Customs officers inspected the shipment after growing suspicious of the Thai-made training equipment which is not in high demand in Australia, Thai and Australian officials investigating the matter told a news conference in Bangkok.
More than 193 kilograms (425 pounds) of the drugs, also known as ice, were hidden among 15 different bags.
Surrounded by cameras, a Thai customs official sliced through a long cardboard box and then the red outer layer of the boxing punch bag, exposing the drugs hidden amongst the stuffing.
“Australia consumes around 11 tons of methamphetamine per year,” Australian Border Force Acting Superintendent Joel Carruthers said. “So there’s a market for it, and disrupting it offshore in countries such as Thailand is fantastic.”
The Golden Triangle — an area of northeast Myanmar that meets parts of Thailand and Laos — has a long history of being a major drug-producing area.

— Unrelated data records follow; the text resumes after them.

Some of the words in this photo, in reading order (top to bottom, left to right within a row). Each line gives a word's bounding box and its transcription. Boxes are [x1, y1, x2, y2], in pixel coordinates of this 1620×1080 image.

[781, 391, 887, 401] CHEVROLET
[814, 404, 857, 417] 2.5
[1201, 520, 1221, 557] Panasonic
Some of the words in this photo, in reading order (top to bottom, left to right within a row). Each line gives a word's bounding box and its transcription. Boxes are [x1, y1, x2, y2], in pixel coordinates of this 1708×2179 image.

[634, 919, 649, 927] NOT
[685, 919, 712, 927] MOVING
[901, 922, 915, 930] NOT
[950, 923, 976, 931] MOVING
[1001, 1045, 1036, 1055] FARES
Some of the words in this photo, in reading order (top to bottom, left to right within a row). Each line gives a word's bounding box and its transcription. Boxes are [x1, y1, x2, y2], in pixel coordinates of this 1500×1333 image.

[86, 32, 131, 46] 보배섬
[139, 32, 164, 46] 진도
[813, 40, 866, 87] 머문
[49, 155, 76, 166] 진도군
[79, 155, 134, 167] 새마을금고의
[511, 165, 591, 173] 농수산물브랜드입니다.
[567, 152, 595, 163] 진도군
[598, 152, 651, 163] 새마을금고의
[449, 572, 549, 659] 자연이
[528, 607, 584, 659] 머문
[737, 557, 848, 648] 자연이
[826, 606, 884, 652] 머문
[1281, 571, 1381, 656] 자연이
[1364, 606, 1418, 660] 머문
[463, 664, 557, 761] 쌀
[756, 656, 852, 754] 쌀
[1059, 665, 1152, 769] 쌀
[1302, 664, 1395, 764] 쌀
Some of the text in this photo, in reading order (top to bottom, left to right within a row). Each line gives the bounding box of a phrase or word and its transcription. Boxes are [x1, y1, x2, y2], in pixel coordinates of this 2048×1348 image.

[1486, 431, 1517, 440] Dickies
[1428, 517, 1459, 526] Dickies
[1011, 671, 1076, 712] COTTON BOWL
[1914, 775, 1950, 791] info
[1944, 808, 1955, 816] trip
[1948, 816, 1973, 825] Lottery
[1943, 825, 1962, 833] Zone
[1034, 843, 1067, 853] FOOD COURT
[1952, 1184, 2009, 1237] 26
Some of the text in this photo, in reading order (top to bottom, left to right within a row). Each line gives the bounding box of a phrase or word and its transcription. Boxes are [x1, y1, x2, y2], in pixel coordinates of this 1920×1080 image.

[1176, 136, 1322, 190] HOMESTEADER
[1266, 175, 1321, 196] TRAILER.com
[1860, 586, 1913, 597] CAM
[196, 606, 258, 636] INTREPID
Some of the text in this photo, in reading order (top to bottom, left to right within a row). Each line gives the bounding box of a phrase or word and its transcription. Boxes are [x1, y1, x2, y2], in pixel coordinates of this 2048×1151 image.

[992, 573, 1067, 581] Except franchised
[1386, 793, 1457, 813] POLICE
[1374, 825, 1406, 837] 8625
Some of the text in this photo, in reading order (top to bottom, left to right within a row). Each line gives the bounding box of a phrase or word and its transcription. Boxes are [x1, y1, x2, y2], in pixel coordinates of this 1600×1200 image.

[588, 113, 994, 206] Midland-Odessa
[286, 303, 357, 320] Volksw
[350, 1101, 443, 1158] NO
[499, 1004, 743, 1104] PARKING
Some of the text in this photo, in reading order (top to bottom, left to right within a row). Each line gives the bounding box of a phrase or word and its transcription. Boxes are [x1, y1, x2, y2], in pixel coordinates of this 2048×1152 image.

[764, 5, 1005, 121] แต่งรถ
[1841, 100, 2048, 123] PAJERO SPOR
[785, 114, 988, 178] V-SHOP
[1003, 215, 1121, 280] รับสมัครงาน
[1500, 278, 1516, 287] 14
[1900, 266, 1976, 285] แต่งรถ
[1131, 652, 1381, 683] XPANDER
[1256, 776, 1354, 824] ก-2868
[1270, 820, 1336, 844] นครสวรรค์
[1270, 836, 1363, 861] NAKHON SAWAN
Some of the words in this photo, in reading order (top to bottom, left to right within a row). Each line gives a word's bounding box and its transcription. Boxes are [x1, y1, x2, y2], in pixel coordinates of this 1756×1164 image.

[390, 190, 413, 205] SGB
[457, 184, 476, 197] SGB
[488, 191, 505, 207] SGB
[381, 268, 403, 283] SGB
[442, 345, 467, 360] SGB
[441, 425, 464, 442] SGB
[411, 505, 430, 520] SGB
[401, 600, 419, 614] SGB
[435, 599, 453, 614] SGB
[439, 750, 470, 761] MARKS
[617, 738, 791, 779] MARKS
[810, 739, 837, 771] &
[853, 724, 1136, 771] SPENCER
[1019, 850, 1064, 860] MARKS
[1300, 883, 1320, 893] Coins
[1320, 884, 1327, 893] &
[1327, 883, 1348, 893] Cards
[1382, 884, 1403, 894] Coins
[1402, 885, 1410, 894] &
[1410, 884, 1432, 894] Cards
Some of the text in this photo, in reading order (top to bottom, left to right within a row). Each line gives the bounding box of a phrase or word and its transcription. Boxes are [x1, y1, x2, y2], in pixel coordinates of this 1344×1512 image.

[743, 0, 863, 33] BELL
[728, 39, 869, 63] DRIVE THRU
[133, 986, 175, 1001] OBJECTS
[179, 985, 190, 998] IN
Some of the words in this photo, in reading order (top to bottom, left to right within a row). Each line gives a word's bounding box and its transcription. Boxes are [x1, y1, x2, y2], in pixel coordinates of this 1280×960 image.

It has served as a massive production center for amphetamine-type stimulants, especially methamphetamine, used by Asian crime syndicates with distribution networks reaching as far as Japan and New Zealand.
Methamphetamine production in particular has been increasing sharply
in recent years, according to the United Nations Office on Drugs and Crime (UNODC). During the coronavirus pandemic, Asia’s drug cartels flooded markets with synthetic narcotics worth tens of billions of dollars even as the global economy ground to a halt.
Meth seizures in East and Southeast Asia surged 19% from 2019 to 2020, marking a new record high, according to the UNODC.